Caso Colombia: Cómo se espía desde el gobierno

* Una intrincada trama de espionaje ordenado por el Ejecutivo colombiano contra jueces, políticos de oposición, ONG de derechos humanos y periodistas
* Procuraduría colombiana investiga y sanciona a los principales involucrados en espionaje oficial.

Carlos Salinas Maldonado | 5/10/2010
@CSMaldonado

Un escándalo de espionaje al mejor estilo de Hollywood ha puesto contra las cuerdas a la principal agencia de inteligencia de Colombia, el Departamento Administrativo de Seguridad (DAS). Una serie de reportajes publicados por la prestigiosa revista Semana, de Bogotá, revela una serie de escuchas ilegales, espionaje y amenazas contra destacados personajes de la vida política colombiana, incluyendo miembros de la Corte Suprema, ex presidentes de la República, políticos de opositor y hasta periodistas.

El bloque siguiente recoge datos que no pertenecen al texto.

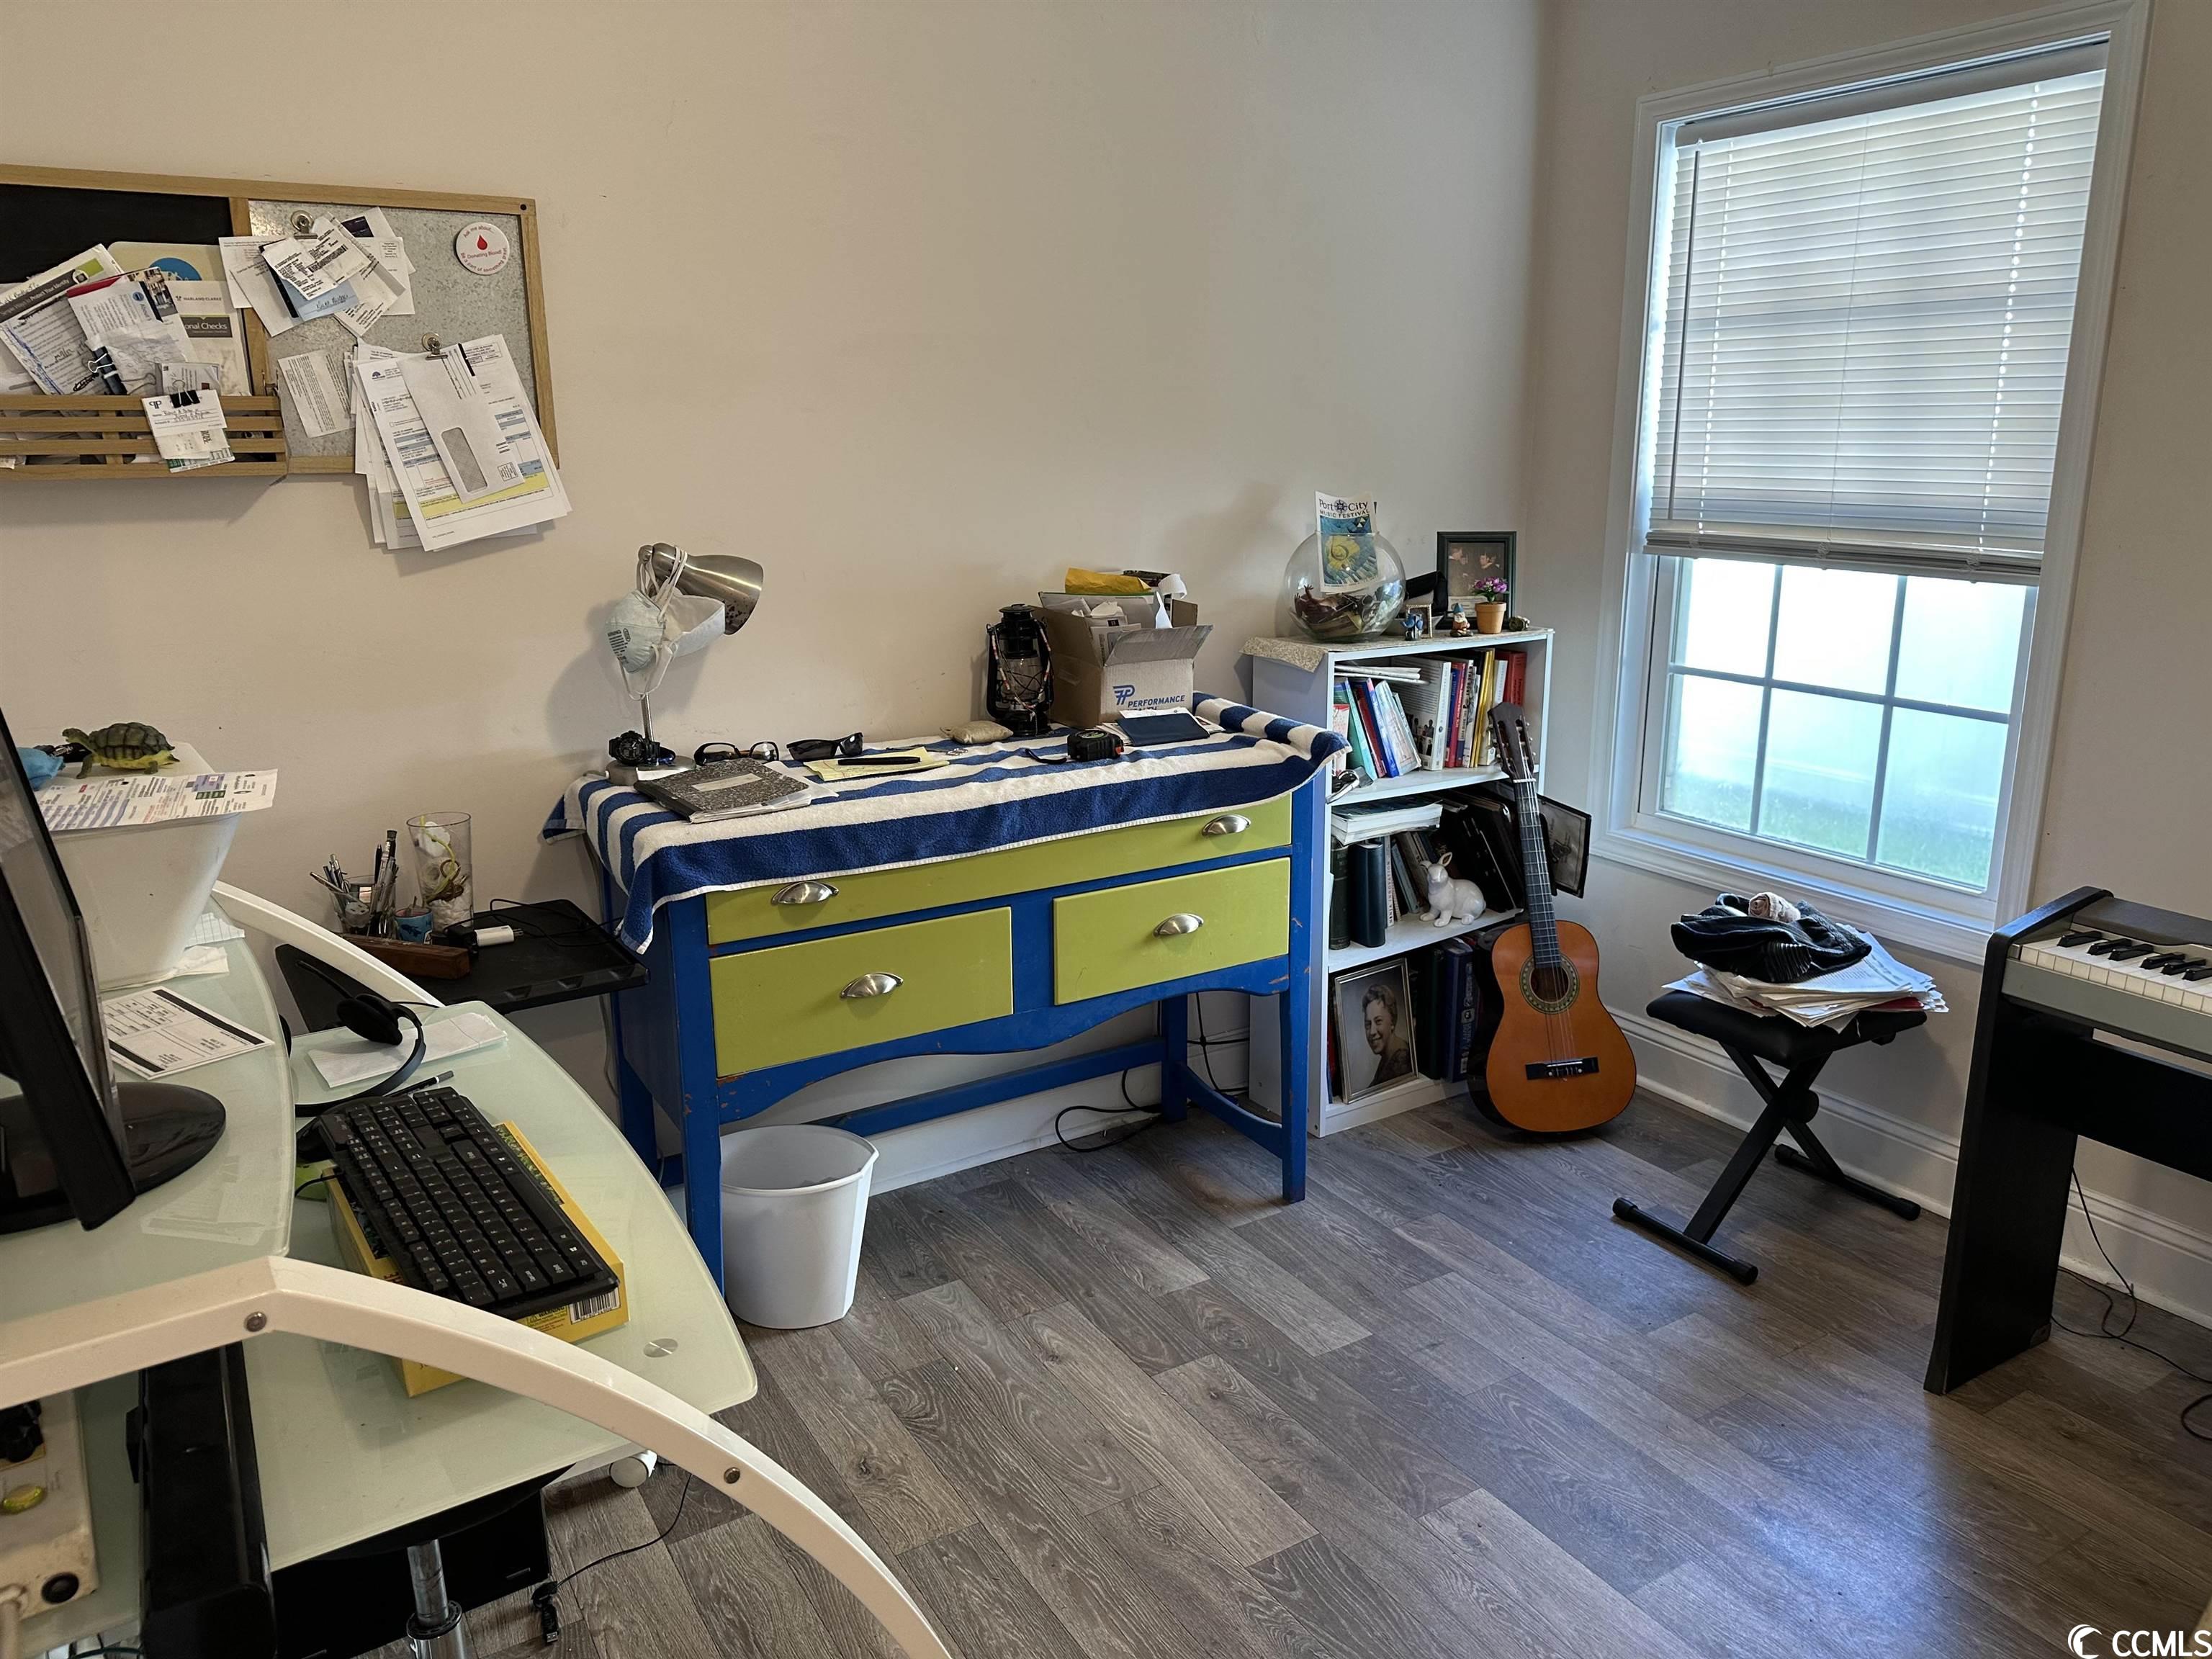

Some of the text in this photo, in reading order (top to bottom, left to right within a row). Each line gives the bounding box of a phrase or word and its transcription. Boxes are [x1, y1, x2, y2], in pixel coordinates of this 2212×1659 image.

La revista, además, revela una intrincada trama de venta de información a paramilitares, narcotraficantes, guerrilleros y oscuros intereses políticos que pagan millones de pesos colombianos a cambio de que el DAS investigue de forma ilegal a un personaje que está en la mira de estas organizaciones o venda información sobre la vida privada de políticos o jueces.

El escándalo, investigado por la Fiscalía colombiana, puso en aprietos a la Administración del ex presidente Álvaro Uribe, ya que muchas de las órdenes de espionaje salían de Casa de Nariño, la sede de la presidencia. Las cabezas de altos directivo del DAS comenzaron a rodar desde que Semana destapó el escándalo.  Por sus investigaciones, la revista obtuvo en septiembre el Premio Latinoamericano de Periodismo de Investigación que entrega el Instituto de Prensa y Sociedad (Ipys).

Caso Colombia: advertencia para Nicaragua

El caso del espionaje en Colombia puede ser representativo para Nicaragua. Recientemente la Asamblea Nacional aprobó una ley de lucha contra el crimen organizado, que en su artículo 62 establece las intercepciones de comunicaciones en el caso de los delitos previstos en ese reglamento.

Las intercepciones de las comunicaciones deberán ser solicitadas por el Fiscal General de la República o el Director General de la Policía. Los jueces penales pueden autorizar o impedir las escuchas telefónicas, establece la ley.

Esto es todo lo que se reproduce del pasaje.